Start of INPUT

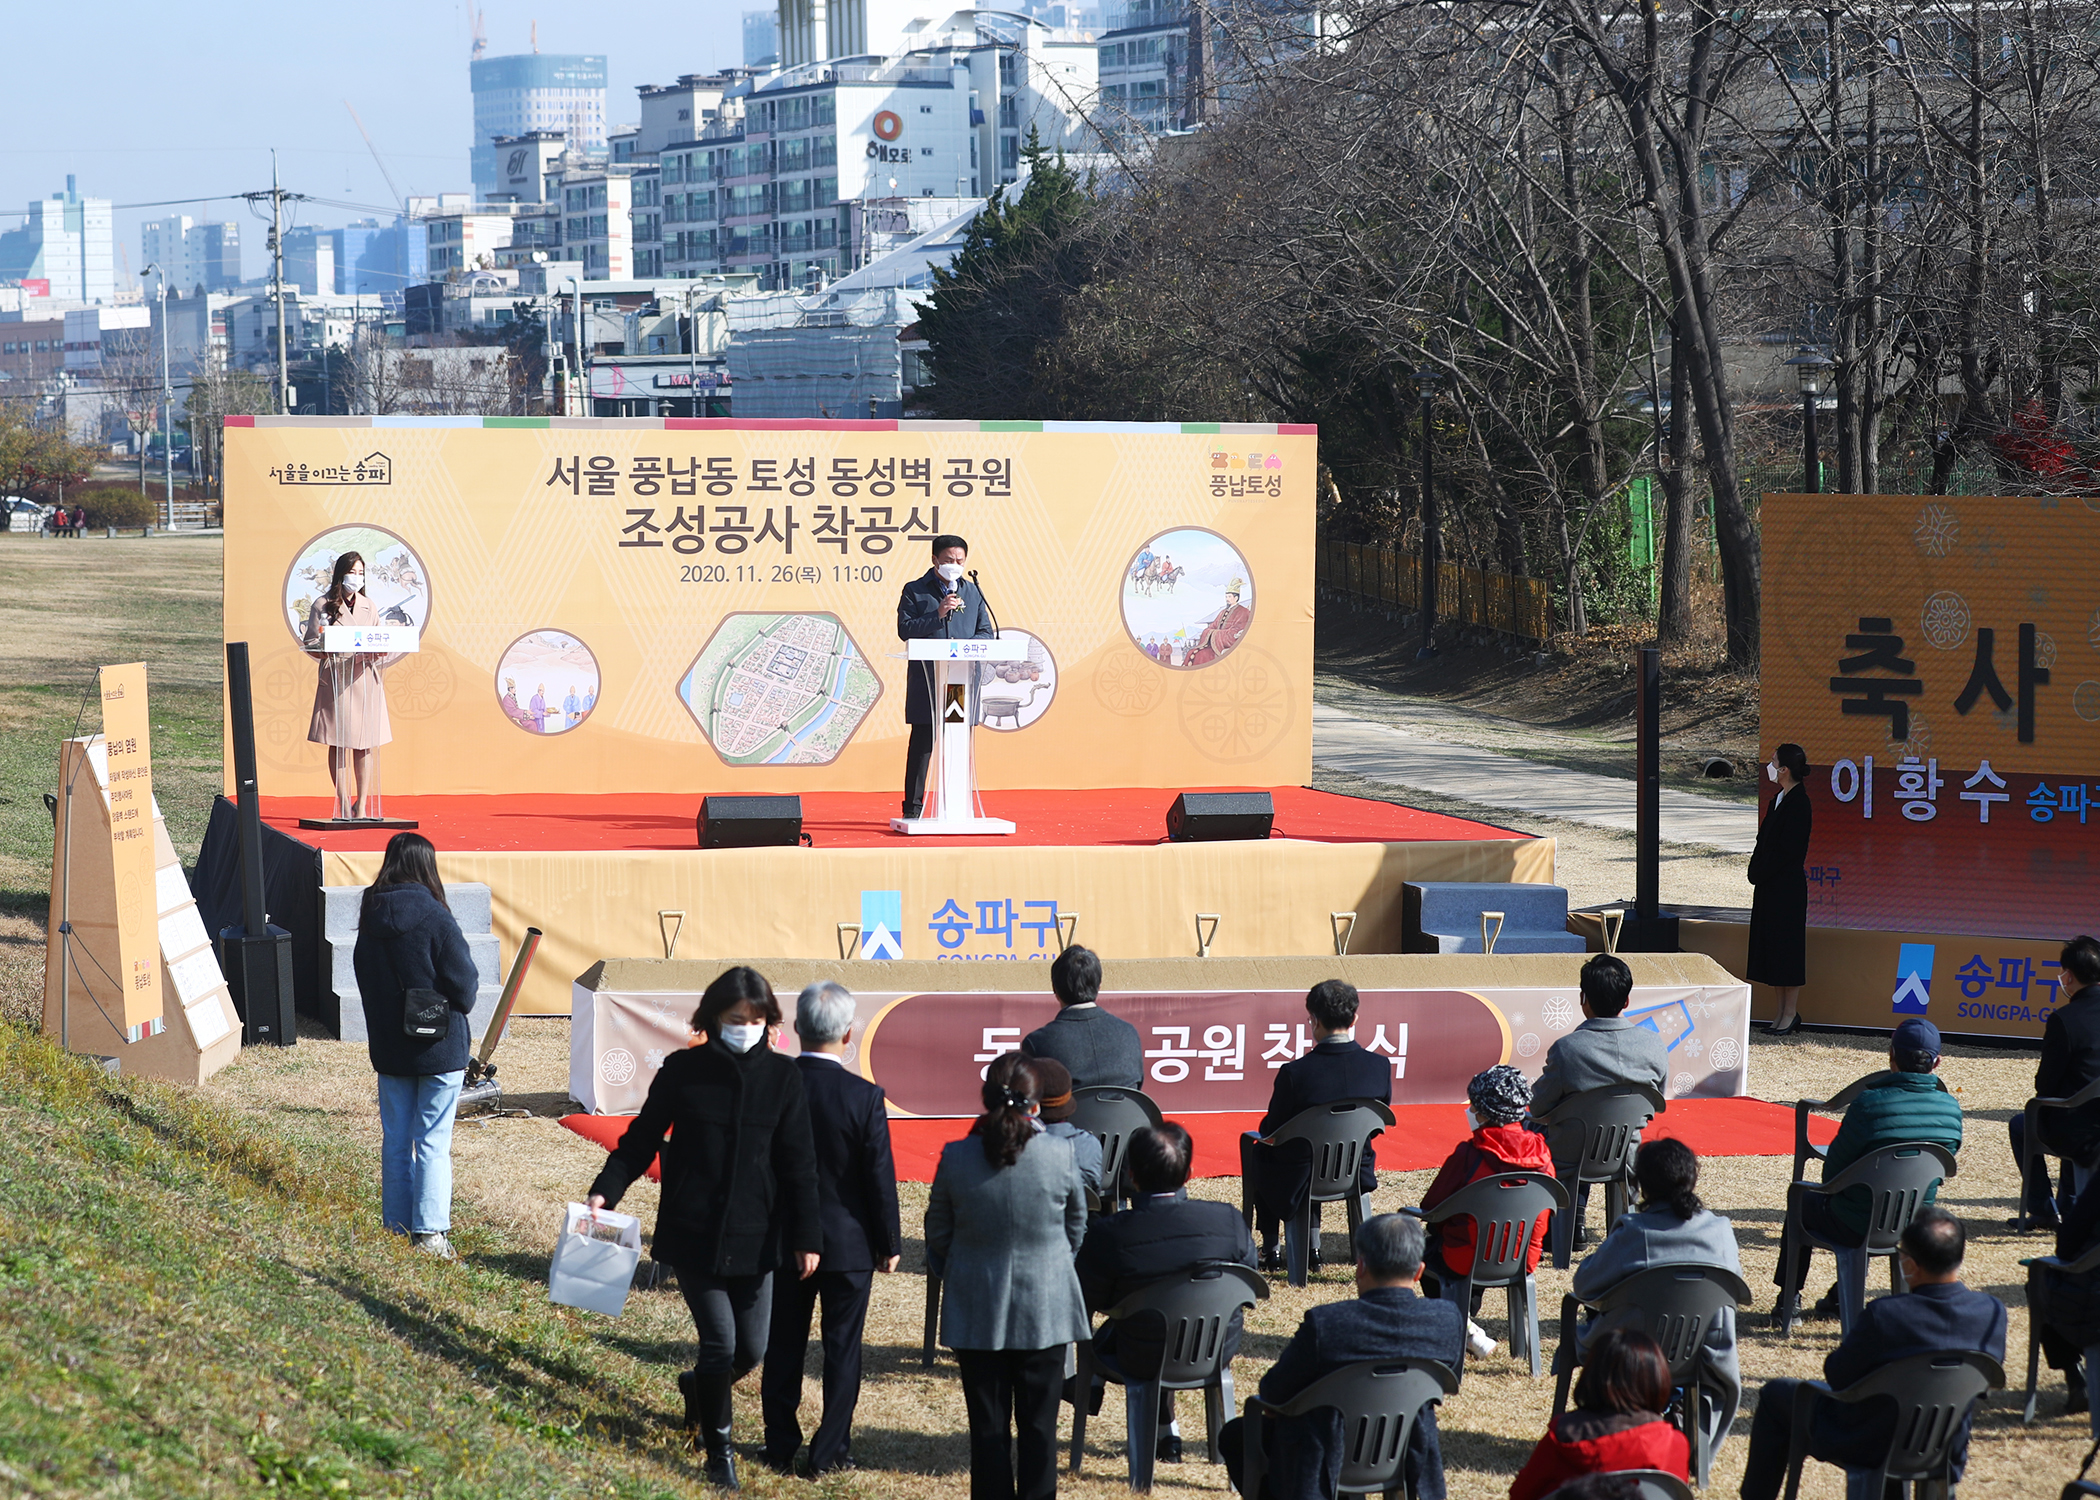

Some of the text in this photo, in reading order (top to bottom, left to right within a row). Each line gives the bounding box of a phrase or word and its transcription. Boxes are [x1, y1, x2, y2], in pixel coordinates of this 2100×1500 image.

[866, 140, 912, 164] 해오로
[546, 456, 1012, 497] 서울 풍납동 토성 동성벽 공원
[1209, 475, 1282, 498] 풍납토성
[618, 505, 939, 554] 조성공사 착공식
[832, 566, 883, 583] 11:00
[366, 633, 390, 643] 송파구
[963, 644, 988, 654] 송파구
[107, 738, 137, 757] 풍납의 염원
[2025, 782, 2100, 824] 송파
[1804, 866, 1842, 888] 파구
[928, 898, 1064, 949] 송파구
[135, 972, 151, 991] 풍납토성
[1955, 954, 2062, 1005] 송파구
[1957, 1002, 2056, 1024] SONGPA-G
[1144, 1021, 1408, 1083] 공원 착식
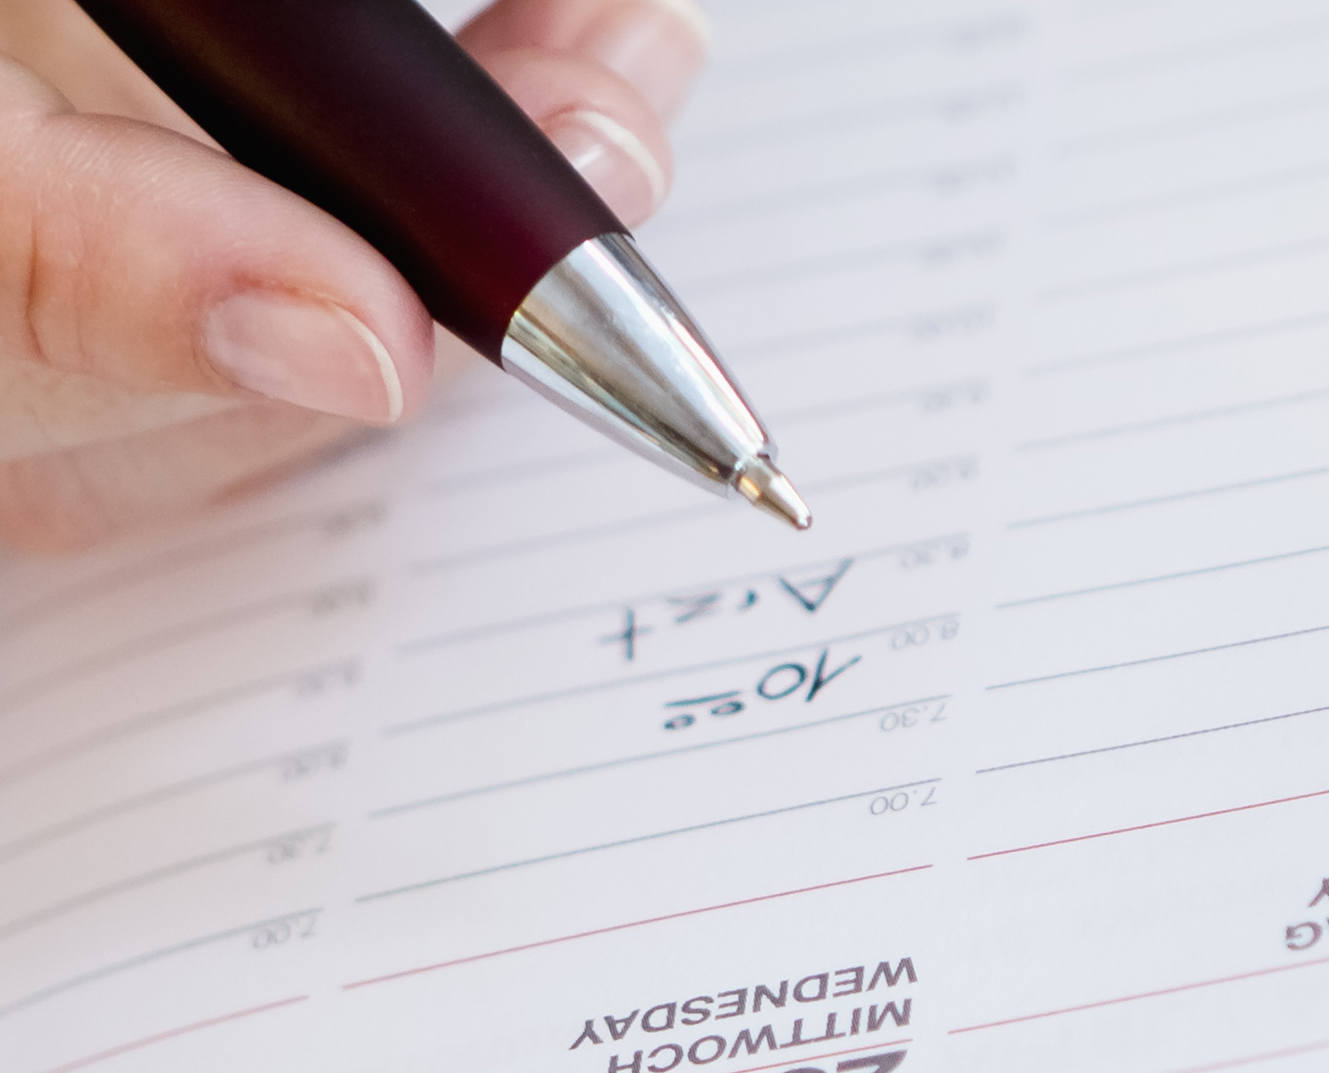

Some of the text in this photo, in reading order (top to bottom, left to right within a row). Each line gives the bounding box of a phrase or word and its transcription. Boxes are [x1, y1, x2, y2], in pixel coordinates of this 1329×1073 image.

[596, 557, 855, 663] Arzt
[890, 619, 960, 651] 8.00
[879, 702, 948, 732] 7.30
[869, 786, 938, 815] 7.00
[251, 916, 318, 950] 7.00
[569, 957, 918, 1050] WEDNESDAY
[608, 998, 912, 1073] MITTWOCH

End of INPUT

→ **TASK GOAL**: The lines from the one holding "this 1329×1073 image." to the last line of the entries, both included: retype them exactly and give nothing else.

→ **COMPLETED EXERCISE**:
Some of the text in this photo, in reading order (top to bottom, left to right within a row). Each line gives the bounding box of a phrase or word and its transcription. Boxes are [x1, y1, x2, y2], in pixel coordinates of this 1329×1073 image.

[596, 557, 855, 663] Arzt
[890, 619, 960, 651] 8.00
[879, 702, 948, 732] 7.30
[869, 786, 938, 815] 7.00
[251, 916, 318, 950] 7.00
[569, 957, 918, 1050] WEDNESDAY
[608, 998, 912, 1073] MITTWOCH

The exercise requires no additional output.